* SUPPLIED DATA *
——

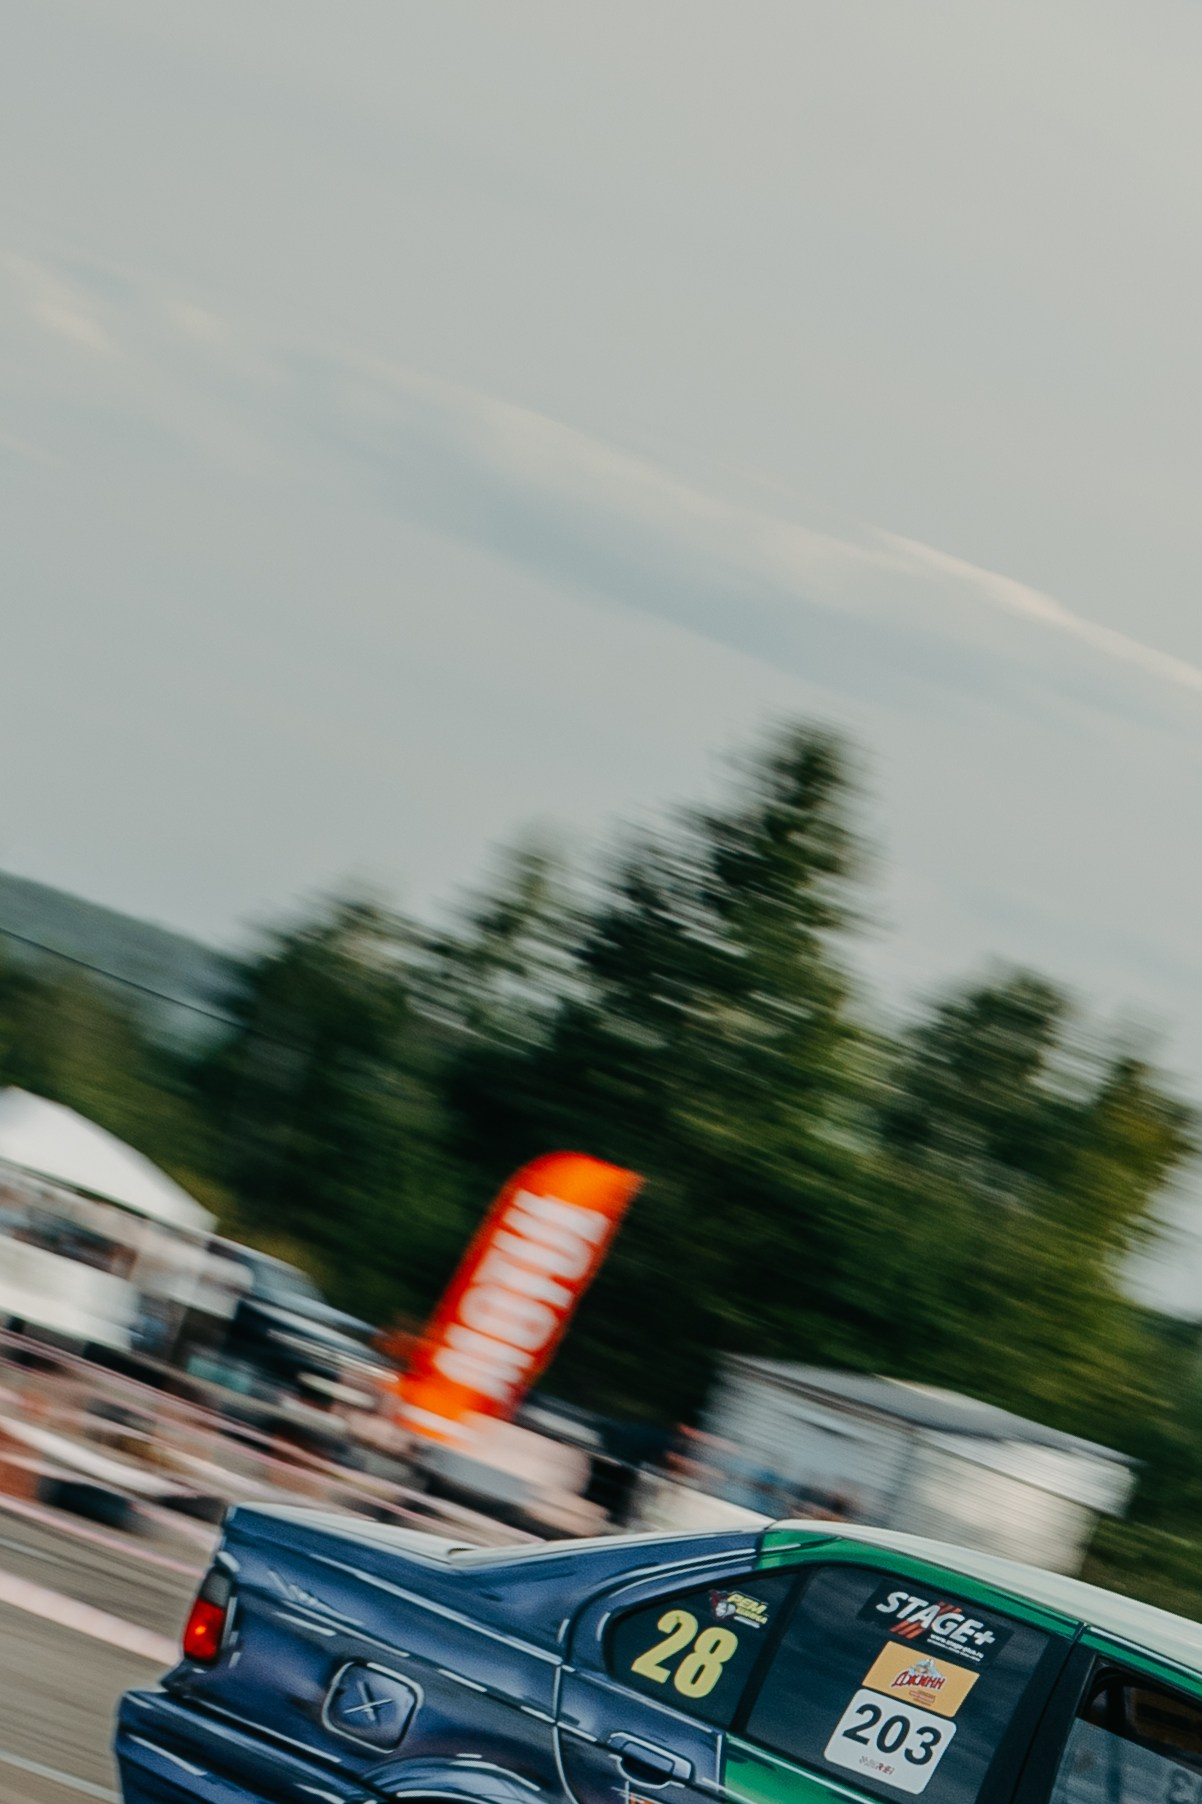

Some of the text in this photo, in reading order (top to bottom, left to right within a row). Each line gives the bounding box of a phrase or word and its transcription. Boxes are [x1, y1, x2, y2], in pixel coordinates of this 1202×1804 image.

[875, 1591, 996, 1646] STAGE+
[631, 1609, 738, 1698] 28
[842, 1703, 942, 1766] 203
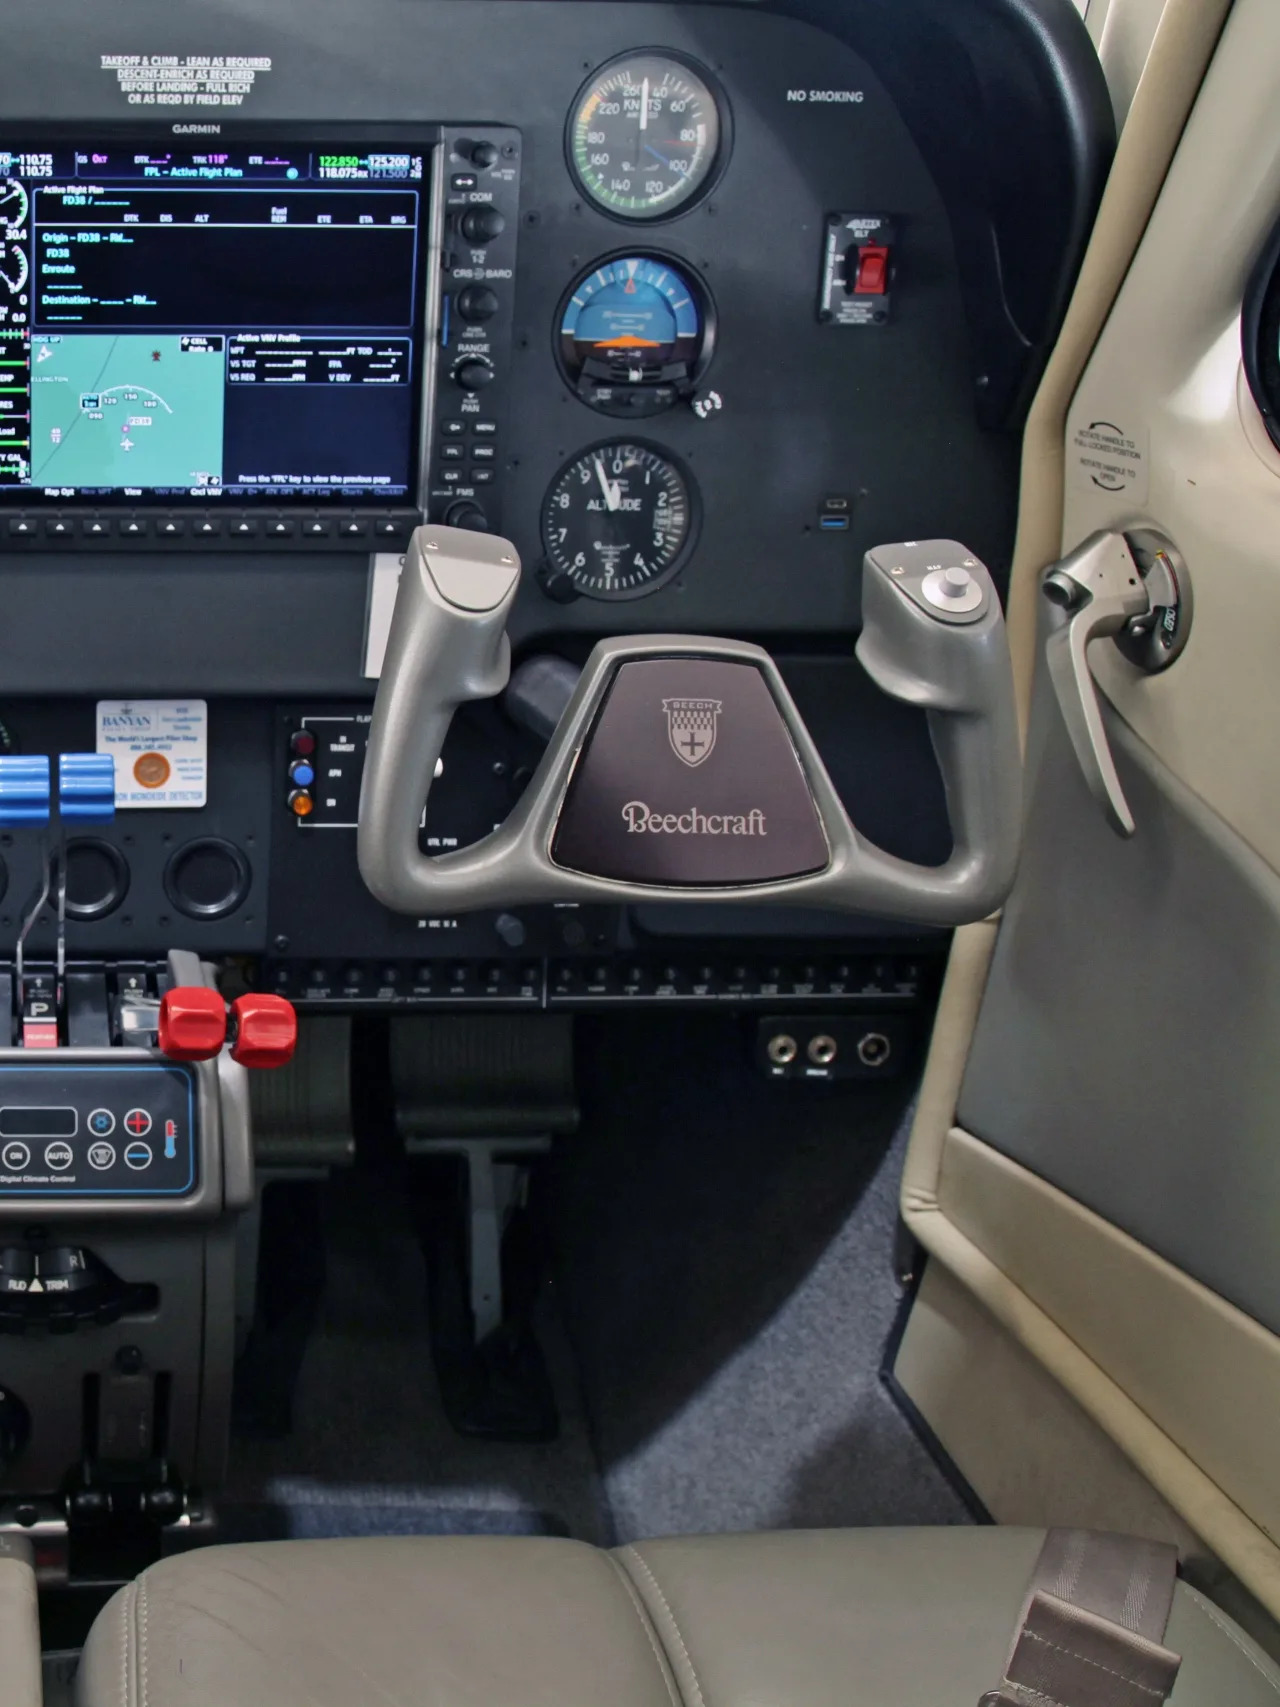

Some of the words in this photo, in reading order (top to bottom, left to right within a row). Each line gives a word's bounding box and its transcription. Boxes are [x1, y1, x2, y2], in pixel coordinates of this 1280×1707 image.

[101, 56, 140, 66] TAKEOFF
[142, 56, 149, 65] &
[151, 56, 178, 66] CLIMB
[187, 57, 210, 67] LEAN
[212, 57, 224, 67] AS
[226, 57, 271, 67] REQUIRED
[118, 69, 193, 79] DESCENT-ENRICH
[196, 70, 208, 79] AS
[209, 70, 255, 80] REQUIRED
[121, 82, 154, 92] BEFORE
[156, 82, 198, 92] LANDING
[206, 83, 227, 93] FULL
[228, 83, 251, 93] RICH
[652, 87, 668, 98] 40
[128, 94, 141, 104] OR
[143, 94, 155, 104] AS
[157, 94, 182, 104] REQD
[184, 95, 194, 104] BY
[196, 95, 220, 105] FIELD
[222, 95, 243, 105] ELEV
[787, 90, 806, 101] NO
[809, 90, 864, 102] SMOKING
[599, 103, 620, 115] 220
[670, 101, 685, 112] 60
[172, 124, 220, 134] GARMIN
[588, 132, 605, 143] 180
[680, 129, 695, 141] 80
[20, 154, 53, 165] 110.75
[320, 156, 358, 166] 122.850
[370, 156, 408, 166] 125.200
[591, 153, 609, 165] 160
[20, 166, 53, 176] 110.75
[670, 160, 688, 171] 100
[145, 167, 160, 176] FPL
[171, 168, 198, 177] Active
[200, 168, 224, 179] Flight
[226, 168, 243, 177] Plan
[43, 186, 66, 194] Active
[68, 186, 87, 195] Flight
[88, 186, 104, 194] Plan
[611, 179, 631, 191] 140
[646, 181, 663, 193] 120
[63, 196, 86, 205] FD38
[470, 193, 492, 201] COM
[5, 229, 27, 240] 30.4
[42, 233, 68, 244] Origin
[77, 233, 100, 242] FD38
[46, 249, 70, 258] FD38
[42, 264, 75, 274] Enroute
[486, 269, 512, 278] BARO
[42, 295, 91, 305] Destination
[458, 344, 490, 352] RANGE
[461, 404, 480, 412] PAN
[612, 460, 623, 474] 0
[239, 475, 257, 483] Press
[258, 475, 270, 483] the
[289, 476, 302, 484] key
[312, 475, 329, 483] view
[330, 475, 342, 483] the
[343, 475, 372, 484] previous
[580, 470, 591, 484] 9
[559, 493, 570, 508] 8
[658, 492, 668, 507] 2
[558, 528, 568, 543] 7
[653, 532, 664, 546] 3
[575, 552, 586, 566] 6
[634, 553, 645, 566] 4
[604, 563, 614, 577] 5
[102, 716, 151, 727] BANYAN
[622, 801, 767, 836] Beechcraft
[30, 1002, 49, 1017] P
[10, 1151, 23, 1160] ON
[47, 1151, 70, 1160] AUTO
[0, 1175, 21, 1184] Digital
[23, 1174, 49, 1183] Climate
[50, 1174, 76, 1183] Control
[9, 1280, 27, 1291] RUD
[45, 1280, 69, 1290] TRIM

——

* PROBLEM DESCRIPTION *
Everything in the entries except the pictures should be returned exactly as given.

* REPLY *
Some of the text in this photo, in reading order (top to bottom, left to right within a row). Each line gives the bounding box of a phrase or word and its transcription. Boxes are [x1, y1, x2, y2], in pixel coordinates of this 1202×1804 image.

[875, 1591, 996, 1646] STAGE+
[631, 1609, 738, 1698] 28
[842, 1703, 942, 1766] 203

Some of the words in this photo, in reading order (top to bottom, left to right within a row). Each line gives a word's bounding box and its transcription. Boxes are [x1, y1, x2, y2], in pixel coordinates of this 1280×1707 image.

[101, 56, 140, 66] TAKEOFF
[142, 56, 149, 65] &
[151, 56, 178, 66] CLIMB
[187, 57, 210, 67] LEAN
[212, 57, 224, 67] AS
[226, 57, 271, 67] REQUIRED
[118, 69, 193, 79] DESCENT-ENRICH
[196, 70, 208, 79] AS
[209, 70, 255, 80] REQUIRED
[121, 82, 154, 92] BEFORE
[156, 82, 198, 92] LANDING
[206, 83, 227, 93] FULL
[228, 83, 251, 93] RICH
[652, 87, 668, 98] 40
[128, 94, 141, 104] OR
[143, 94, 155, 104] AS
[157, 94, 182, 104] REQD
[184, 95, 194, 104] BY
[196, 95, 220, 105] FIELD
[222, 95, 243, 105] ELEV
[787, 90, 806, 101] NO
[809, 90, 864, 102] SMOKING
[599, 103, 620, 115] 220
[670, 101, 685, 112] 60
[172, 124, 220, 134] GARMIN
[588, 132, 605, 143] 180
[680, 129, 695, 141] 80
[20, 154, 53, 165] 110.75
[320, 156, 358, 166] 122.850
[370, 156, 408, 166] 125.200
[591, 153, 609, 165] 160
[20, 166, 53, 176] 110.75
[670, 160, 688, 171] 100
[145, 167, 160, 176] FPL
[171, 168, 198, 177] Active
[200, 168, 224, 179] Flight
[226, 168, 243, 177] Plan
[43, 186, 66, 194] Active
[68, 186, 87, 195] Flight
[88, 186, 104, 194] Plan
[611, 179, 631, 191] 140
[646, 181, 663, 193] 120
[63, 196, 86, 205] FD38
[470, 193, 492, 201] COM
[5, 229, 27, 240] 30.4
[42, 233, 68, 244] Origin
[77, 233, 100, 242] FD38
[46, 249, 70, 258] FD38
[42, 264, 75, 274] Enroute
[486, 269, 512, 278] BARO
[42, 295, 91, 305] Destination
[458, 344, 490, 352] RANGE
[461, 404, 480, 412] PAN
[612, 460, 623, 474] 0
[239, 475, 257, 483] Press
[258, 475, 270, 483] the
[289, 476, 302, 484] key
[312, 475, 329, 483] view
[330, 475, 342, 483] the
[343, 475, 372, 484] previous
[580, 470, 591, 484] 9
[559, 493, 570, 508] 8
[658, 492, 668, 507] 2
[558, 528, 568, 543] 7
[653, 532, 664, 546] 3
[575, 552, 586, 566] 6
[634, 553, 645, 566] 4
[604, 563, 614, 577] 5
[102, 716, 151, 727] BANYAN
[622, 801, 767, 836] Beechcraft
[30, 1002, 49, 1017] P
[10, 1151, 23, 1160] ON
[47, 1151, 70, 1160] AUTO
[0, 1175, 21, 1184] Digital
[23, 1174, 49, 1183] Climate
[50, 1174, 76, 1183] Control
[9, 1280, 27, 1291] RUD
[45, 1280, 69, 1290] TRIM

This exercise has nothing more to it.